CASE 14246 Published on 16.12.2016

Budd-Chiari Syndrome in a Patient with Chronic Alcoholic Cirrhosis


Abdominal imaging

Case Type

Clinical Cases


Authors: Maxwell Norris, Zain Badar M.D.; Jason Chu M.D.; Sajel Patel M.D

Upstate University Hospital ,Upstate Medical University ; 750 East Adams Street 13210 Syracuse ;

46 years, female

Area of Interest Abdomen ; Imaging Technique Catheter venography, Ultrasound, Ultrasound-Colour Doppler, CT
Clinical History
A 46-year-old female with a past medical history of alcoholic cirrhosis presented with 3 months of jaundice, right upper quadrant pain, nausea, vomiting, diarrhoea, dark urine, and abdominal distension. Blood work showed elevated liver enzymes, PT and INR. Hepatitis panel was negative. Imaging studies and biopsy confirmed Budd-Chiari Syndrome (BCS).
Imaging Findings
Abdominal ultrasound demonstrated a nodular liver contour suggestive of cirrhosis. The hepatic veins demonstrated stenosis and absent flow. Doppler imaging showed reversal of flow in the portal vein. CT abdomen with IV contrast showed an enlarged liver with heterogeneously diminished attenuation, stenosis of the hepatic veins with early enhancement of the central region and hypo-attenuation of the periphery, hypertrophied caudate lobe, and atrophy of the remaining segments suggestive of budd chiari syndrome [9]. Additionally, the CT demonstrated enlarged and tortuous variceal vessels communicating with the superior mesenteric vein in addition to ascites [10]. A venacavogram was done for further confirmation and showed a stenotic hepatic vein. Intrahepatic IVC stenosis caused intrahepatic hypertension with an intrahepatic-extrahepatic IVC pressure gradient of 13mmHg. Portal-capillary wedge pressure measured 20mmHg indicating portal hypertension.
BCS results from vascular occlusion of the hepatic outflow tract anywhere from the junction of the IVC and the right atrium to the small hepatic veins (HV) with an incidence of 1/2.5 million per year [1]. The pathophysiology of BCS involves vascular obstruction leading to hepatic sinusoidal congestion and portal hypertension. Primary BCS can be associated with an underlying prothrombotic disorder such as myeloproliferative disorder [2]. Secondary BCS occurs when lesions that originates outside of the vein such as malignancies of adjacent organs, polycystic kidneys, or parasitic infections [8] compress or invade the HVs or the IVC.

Clinical Perspective:
An initial high index of suspicion plays a major role. Severe right upper quadrant pain is a common symptom of acute disease. Patients can present with ascites and hepatosplenomegaly. Paracentesis demonstrates findings consistent with portal hypertension [3].

Imaging Perspective:
In acute disease, US can be used to show distended HVs and partial or complete thrombosis of HVs/IVC. Color doppler may show intrahepatic collateralization with opposing flow in adjacent veins, and hepatofugal flow in the portal vein [9]. CT shows hyperdense thrombus within the vessel with hypoattenuation of an enlarged liver. Contrast enhancement is stronger in regions surrounding the IVC and caudate lobe [9]. MRI demonstrates hypointensity on T1 images, and heterogeneous hyperintensity on T2 images because the congested liver has a high water content predominantly in the periphery of the hepatic lobes [4]. T1 post-contrast sequences shows occlusion of the hepatic veins and ICV [5].
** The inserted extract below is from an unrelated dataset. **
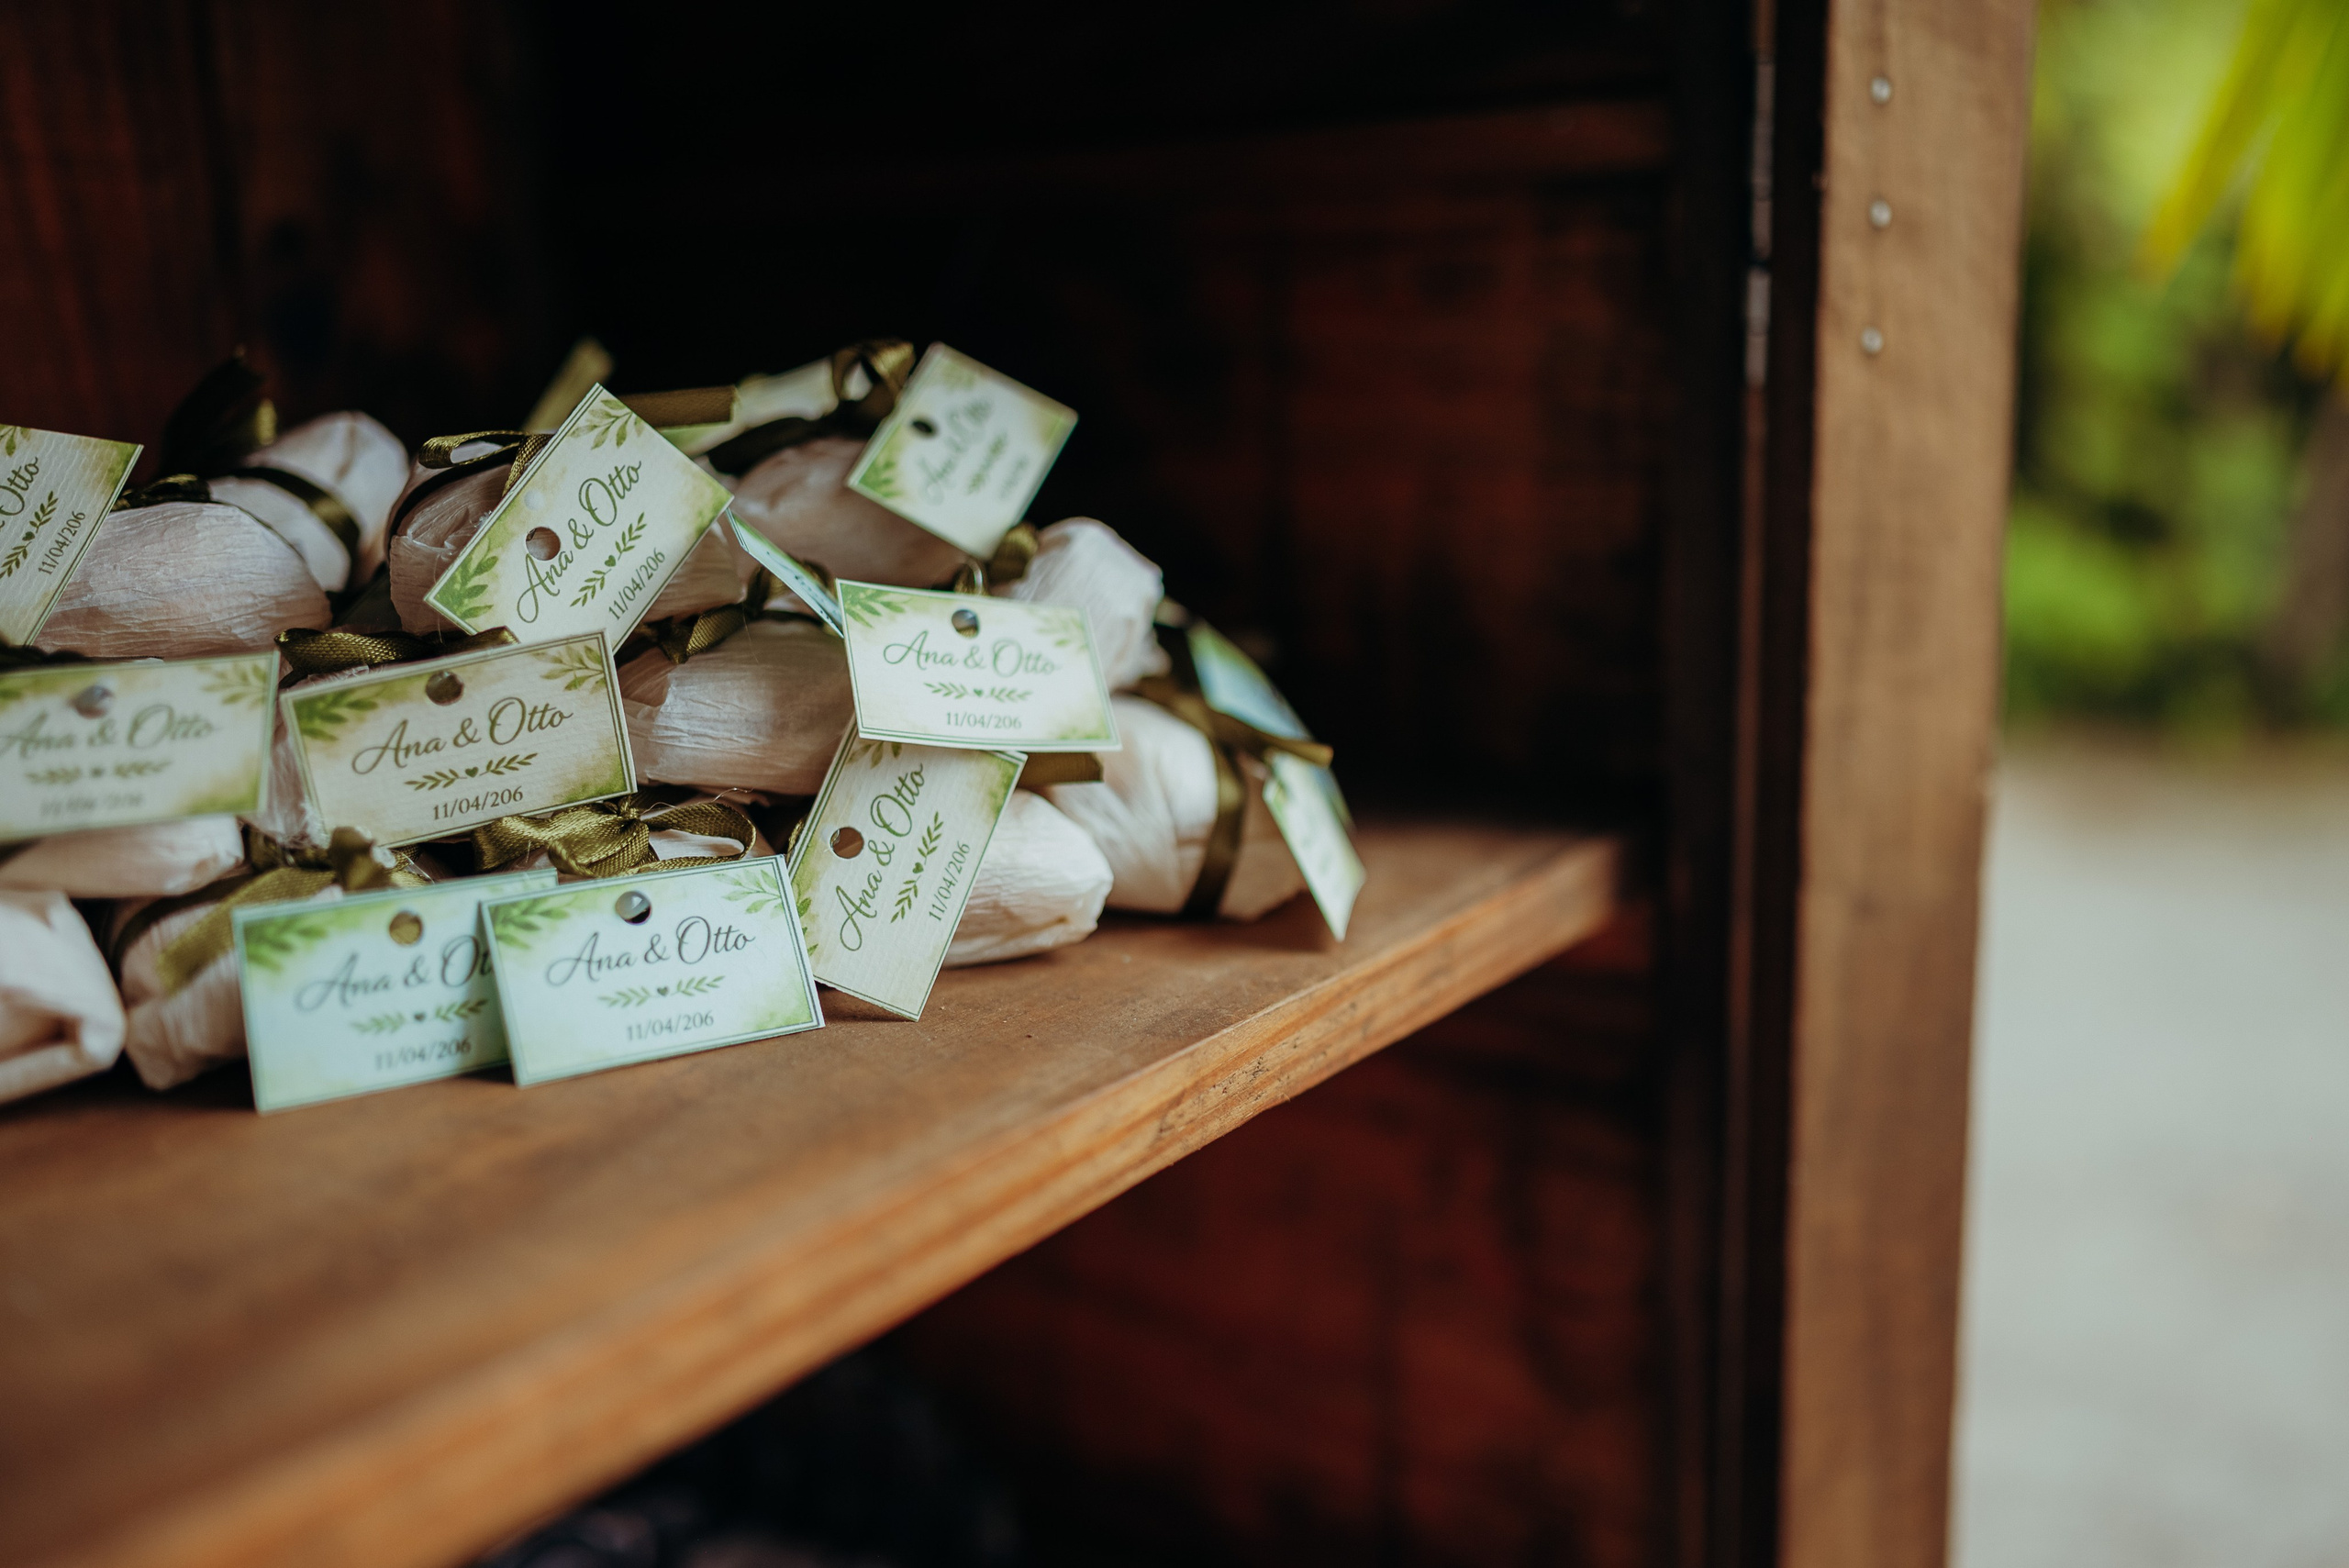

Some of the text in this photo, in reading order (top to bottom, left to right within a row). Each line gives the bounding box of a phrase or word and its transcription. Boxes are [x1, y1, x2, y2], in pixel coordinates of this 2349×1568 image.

In chronic BCS, US reveals caudate hypertrophy, and stenosis/thrombosis of the HVs [9]. MRI enhancement is variable with decreased T1 and T2 signal intensity with delayed enhancement on post-contrast images [6]. T1 sequences are optimal for demonstrating hyperintense regenerative nodules which show venous phase enhancement without washout distinguishing them from HCC [9].

Venogram demonstrates a spider web pattern of HV collaterals and long segmental compression or stenosis of the HVs/IVC.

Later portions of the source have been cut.